▸ WHAT IS REQUIRED: Reproduce the listing below exactly. Pictures do not belong in the copy.

▸ PROVIDED RECORDS:
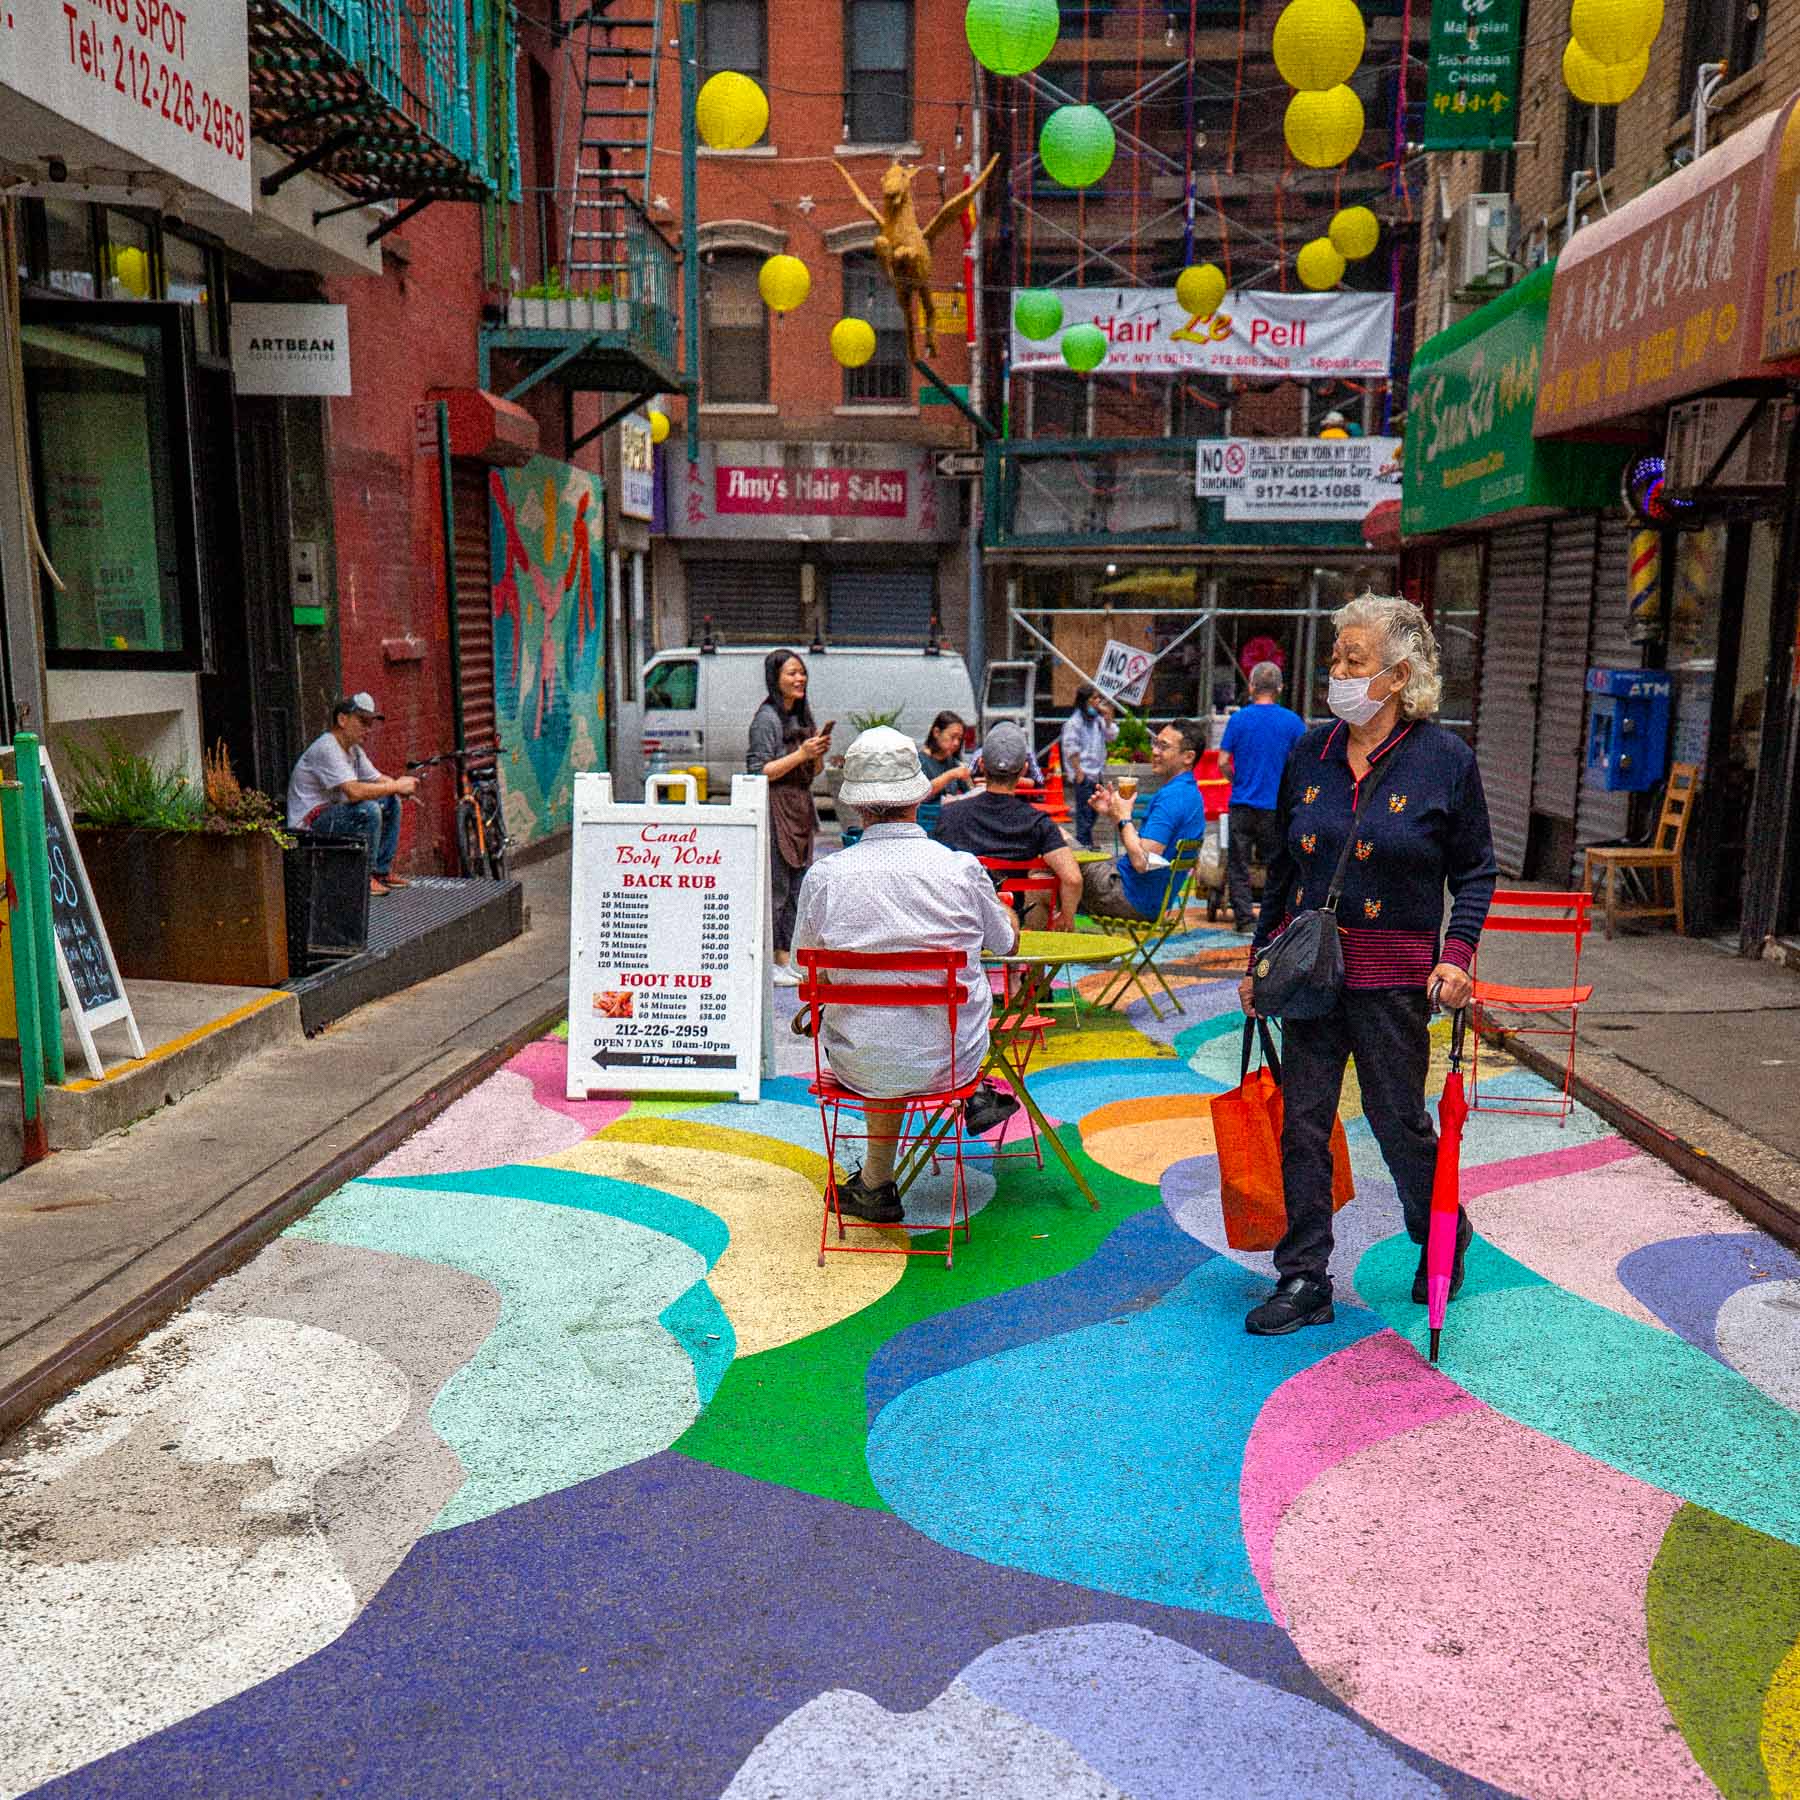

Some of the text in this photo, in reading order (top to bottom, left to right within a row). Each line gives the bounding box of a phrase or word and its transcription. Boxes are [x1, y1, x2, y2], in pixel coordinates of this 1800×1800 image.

[135, 0, 187, 61] SPOT
[63, 2, 245, 161] Tel: 212-226-2959
[1092, 314, 1157, 343] Hair
[1249, 318, 1307, 347] Pell
[249, 338, 336, 352] ARTBEAN
[1202, 448, 1223, 473] NO
[727, 469, 788, 503] Amy's
[796, 472, 840, 501] Hair
[848, 475, 904, 504] Salon
[1201, 476, 1246, 490] SMOKING
[1104, 649, 1128, 675] NO
[1629, 682, 1670, 697] ATM
[640, 823, 697, 842] Canal
[615, 845, 722, 868] Body Work
[623, 874, 716, 889] BACK RUB
[612, 892, 648, 900] Minutes
[613, 902, 649, 910] Minutes
[613, 912, 649, 920] Minutes
[612, 922, 648, 930] Minutes
[612, 931, 648, 939] Minutes
[612, 941, 647, 949] Minutes
[612, 951, 648, 959] Minutes
[613, 961, 649, 969] Minutes
[620, 973, 713, 988] FOOT RUB
[639, 992, 650, 1000] 30
[651, 992, 688, 1000] Minutes
[639, 1002, 649, 1010] 45
[651, 1002, 687, 1010] Minutes
[638, 1012, 649, 1020] 60
[651, 1012, 688, 1020] Minutes
[615, 1023, 708, 1037] 212-226-2959
[593, 1038, 731, 1051] OPEN 7 DAYS 10am-10pm
[642, 1055, 697, 1066] 17 Doyers St.

▸ RESULT:
Some of the text in this photo, in reading order (top to bottom, left to right within a row). Each line gives the bounding box of a phrase or word and its transcription. Boxes are [x1, y1, x2, y2], in pixel coordinates of this 1800×1800 image.

[135, 0, 187, 61] SPOT
[63, 2, 245, 161] Tel: 212-226-2959
[1092, 314, 1157, 343] Hair
[1249, 318, 1307, 347] Pell
[249, 338, 336, 352] ARTBEAN
[1202, 448, 1223, 473] NO
[727, 469, 788, 503] Amy's
[796, 472, 840, 501] Hair
[848, 475, 904, 504] Salon
[1201, 476, 1246, 490] SMOKING
[1104, 649, 1128, 675] NO
[1629, 682, 1670, 697] ATM
[640, 823, 697, 842] Canal
[615, 845, 722, 868] Body Work
[623, 874, 716, 889] BACK RUB
[612, 892, 648, 900] Minutes
[613, 902, 649, 910] Minutes
[613, 912, 649, 920] Minutes
[612, 922, 648, 930] Minutes
[612, 931, 648, 939] Minutes
[612, 941, 647, 949] Minutes
[612, 951, 648, 959] Minutes
[613, 961, 649, 969] Minutes
[620, 973, 713, 988] FOOT RUB
[639, 992, 650, 1000] 30
[651, 992, 688, 1000] Minutes
[639, 1002, 649, 1010] 45
[651, 1002, 687, 1010] Minutes
[638, 1012, 649, 1020] 60
[651, 1012, 688, 1020] Minutes
[615, 1023, 708, 1037] 212-226-2959
[593, 1038, 731, 1051] OPEN 7 DAYS 10am-10pm
[642, 1055, 697, 1066] 17 Doyers St.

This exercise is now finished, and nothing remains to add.